Microsoft is yet another step closer to acquiring gaming company Activision following concessions it has made to address concerns raised by the UK Competition and Markets Authority (CMA). In a statement, the regulator claimed that the restructured deal comprises “important changes that substantially address the concerns” that the CMA set out regarding the original transaction earlier this year.
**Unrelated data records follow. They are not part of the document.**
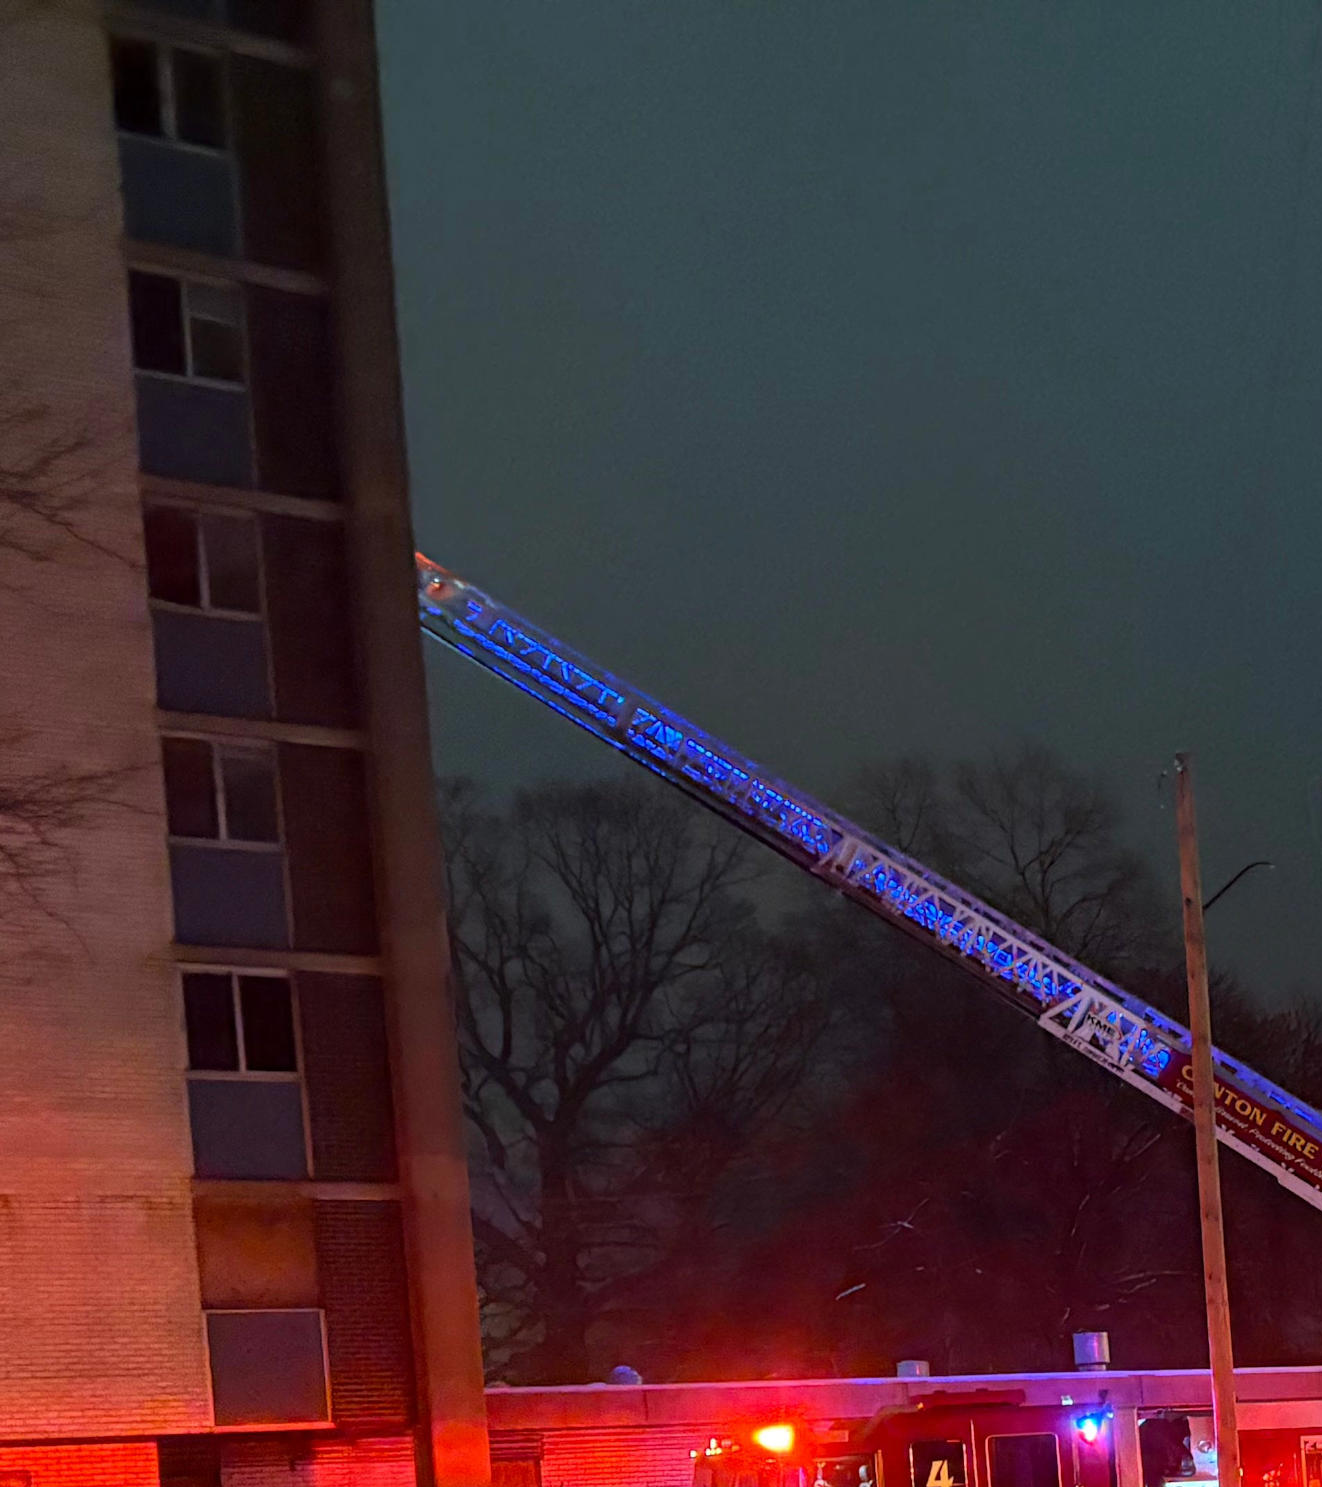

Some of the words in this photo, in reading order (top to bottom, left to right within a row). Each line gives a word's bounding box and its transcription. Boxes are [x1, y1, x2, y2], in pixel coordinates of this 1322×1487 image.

[1087, 1014, 1116, 1037] KME
[1182, 1065, 1267, 1126] CNTON
[1271, 1122, 1320, 1160] FIRE
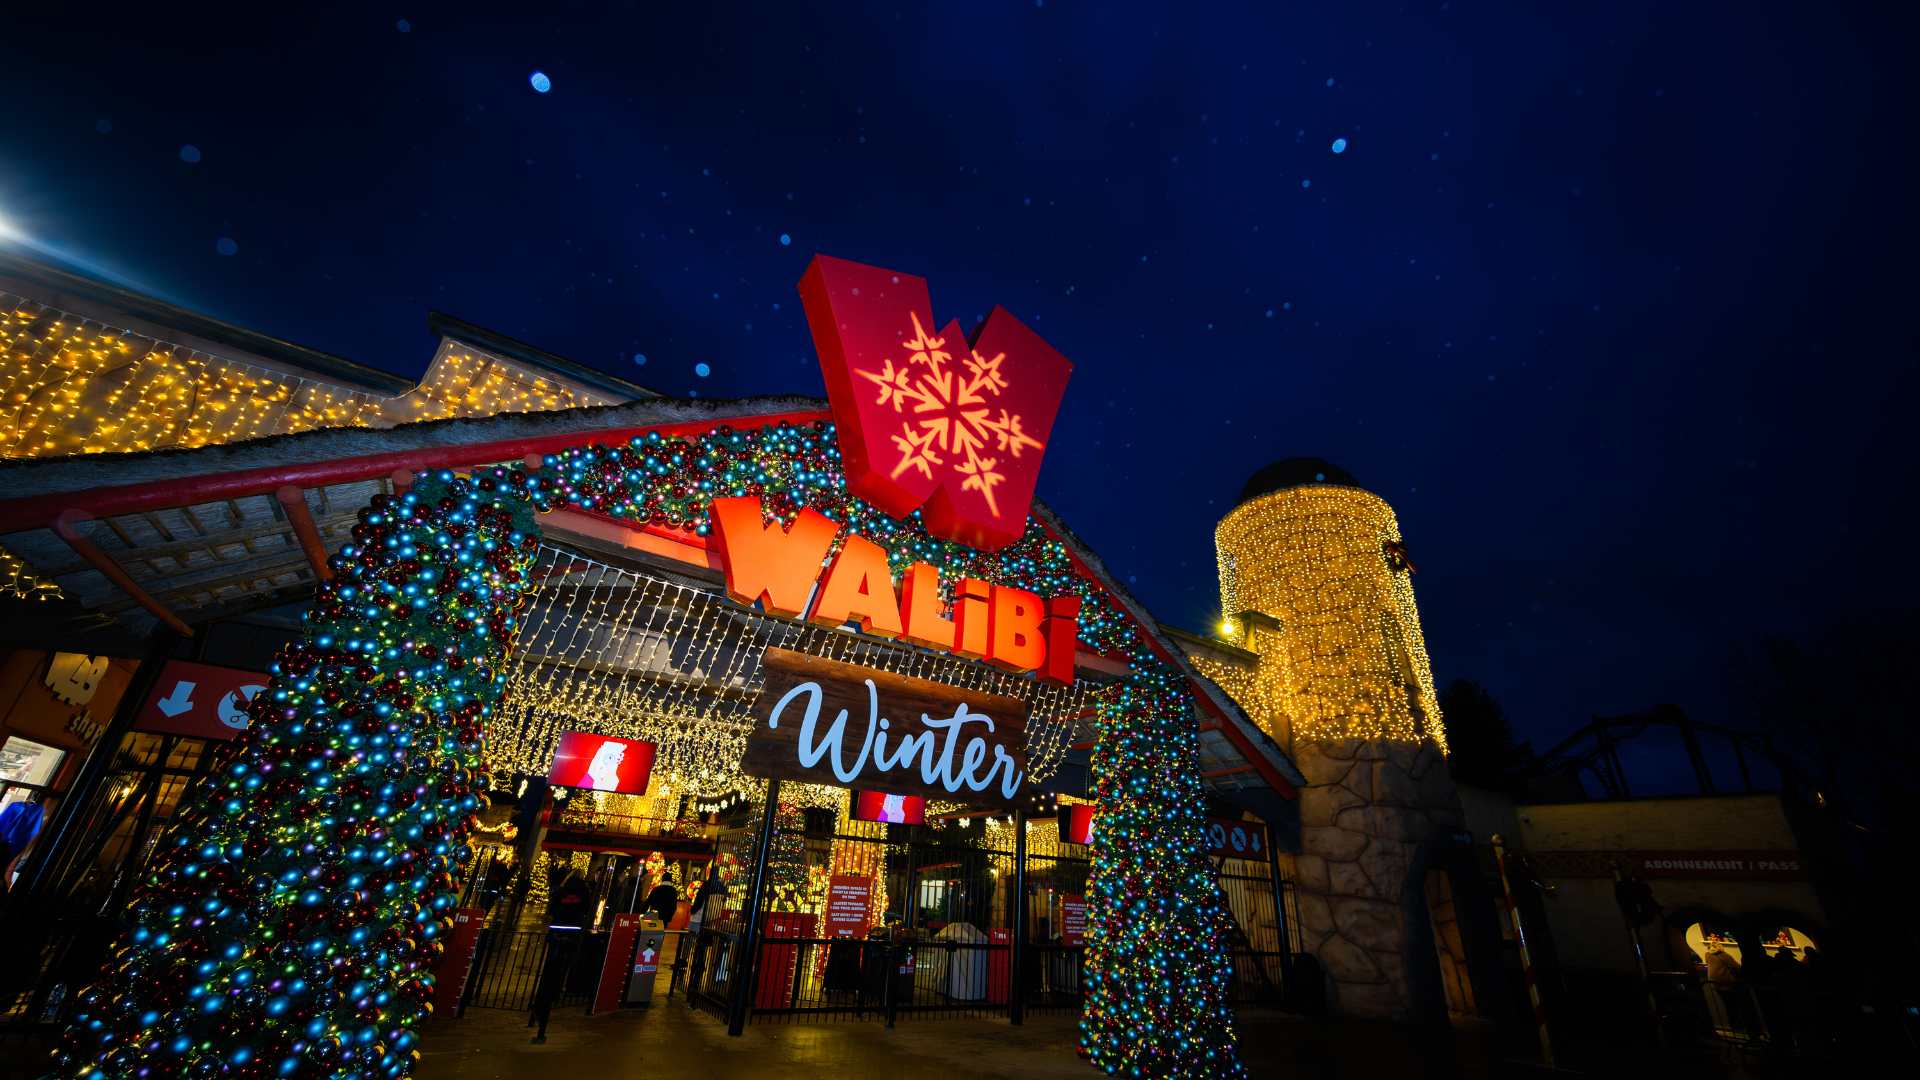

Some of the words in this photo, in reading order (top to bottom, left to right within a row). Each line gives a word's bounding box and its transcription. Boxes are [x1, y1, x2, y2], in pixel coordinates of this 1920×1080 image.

[769, 680, 1023, 799] Winter
[1644, 859, 1744, 870] ABONNEMENT
[1758, 860, 1800, 871] PASS
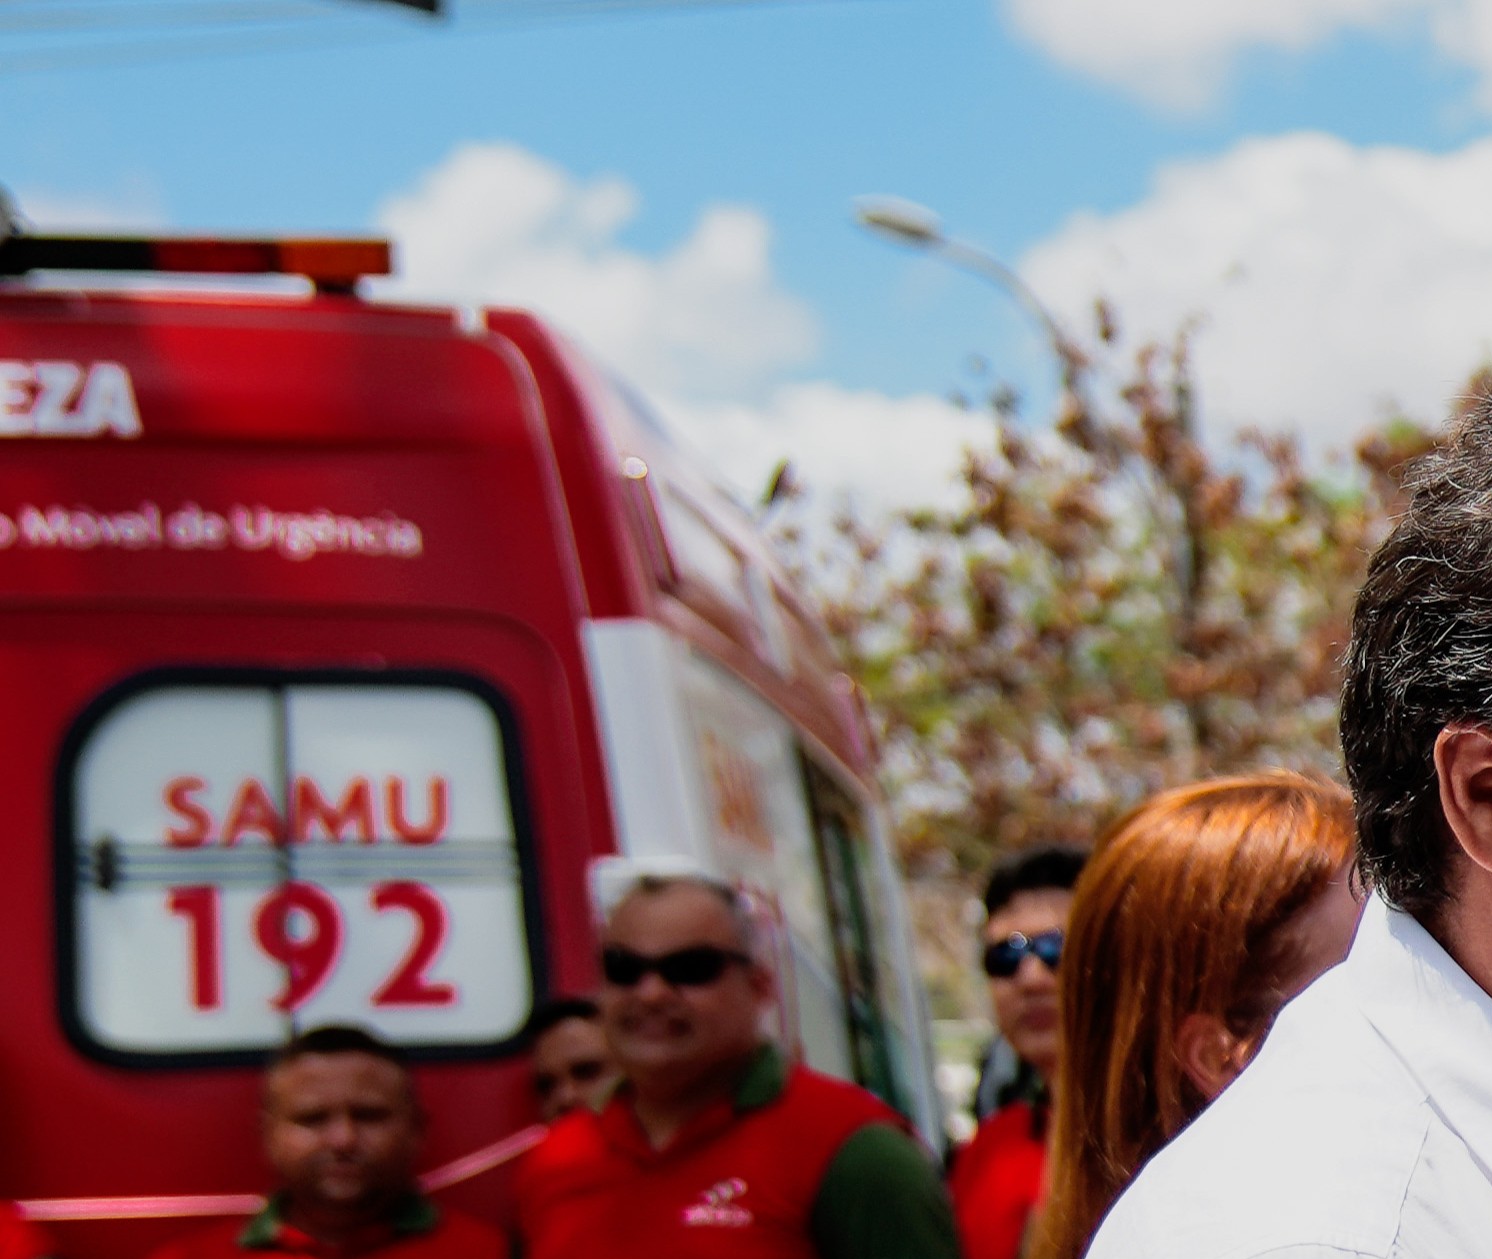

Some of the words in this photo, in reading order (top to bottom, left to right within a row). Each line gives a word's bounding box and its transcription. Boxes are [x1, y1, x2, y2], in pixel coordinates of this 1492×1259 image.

[166, 502, 230, 550] de
[161, 774, 451, 850] SAMU
[164, 879, 459, 1013] 192
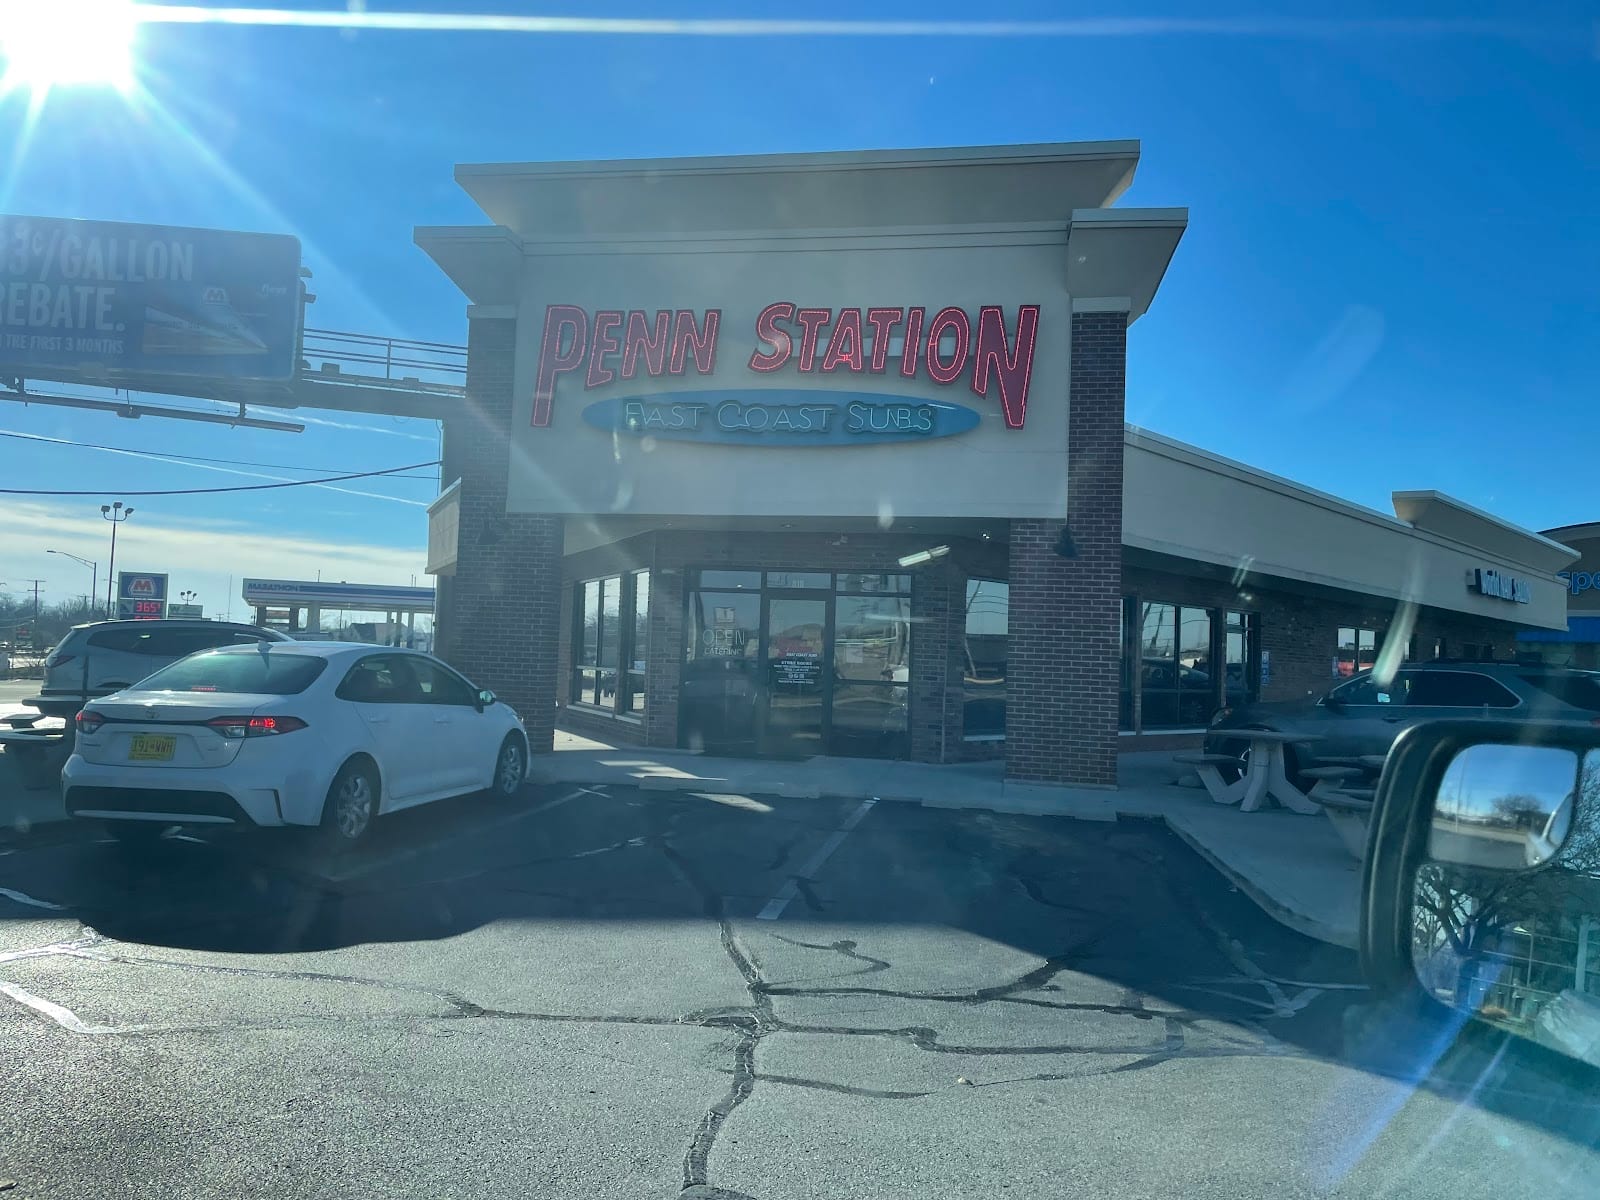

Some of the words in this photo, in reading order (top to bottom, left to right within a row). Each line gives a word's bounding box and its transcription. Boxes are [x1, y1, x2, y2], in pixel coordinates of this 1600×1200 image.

[6, 334, 31, 350] THE
[31, 335, 63, 351] FIRST
[65, 337, 74, 351] 3
[76, 338, 125, 354] MONTHS
[530, 304, 722, 427] PENN
[748, 302, 1040, 430] STATION
[625, 402, 705, 427] EAST
[717, 403, 834, 429] COAST
[847, 403, 933, 430] SUBS
[702, 629, 745, 646] OPEN
Under the new deal, Activision’s streaming rights would be sold to Ubisoft, referred to by the CMA as “an independent player”, which the regulator claims will prevent “important content”, including popular games such as Call of Duty and World of Warcraft, from coming under the control of Microsoft in relation to cloud gaming. “The CMA originally found that Microsoft already has a strong position in cloud gaming services and could have used its control over Activision content to stifle competition and reinforce this position. The new deal instead results in the cloud streaming rights for Activision’s games being transferred to an independent player, Ubisoft, maintaining open competition as the market for cloud gaming develops over the coming years”, the authority stated. This move, the CMA noted, “opens the door to the deal being cleared”. Microsoft’s proposed remedies are now the subject of a consultation until 6 October. Read more.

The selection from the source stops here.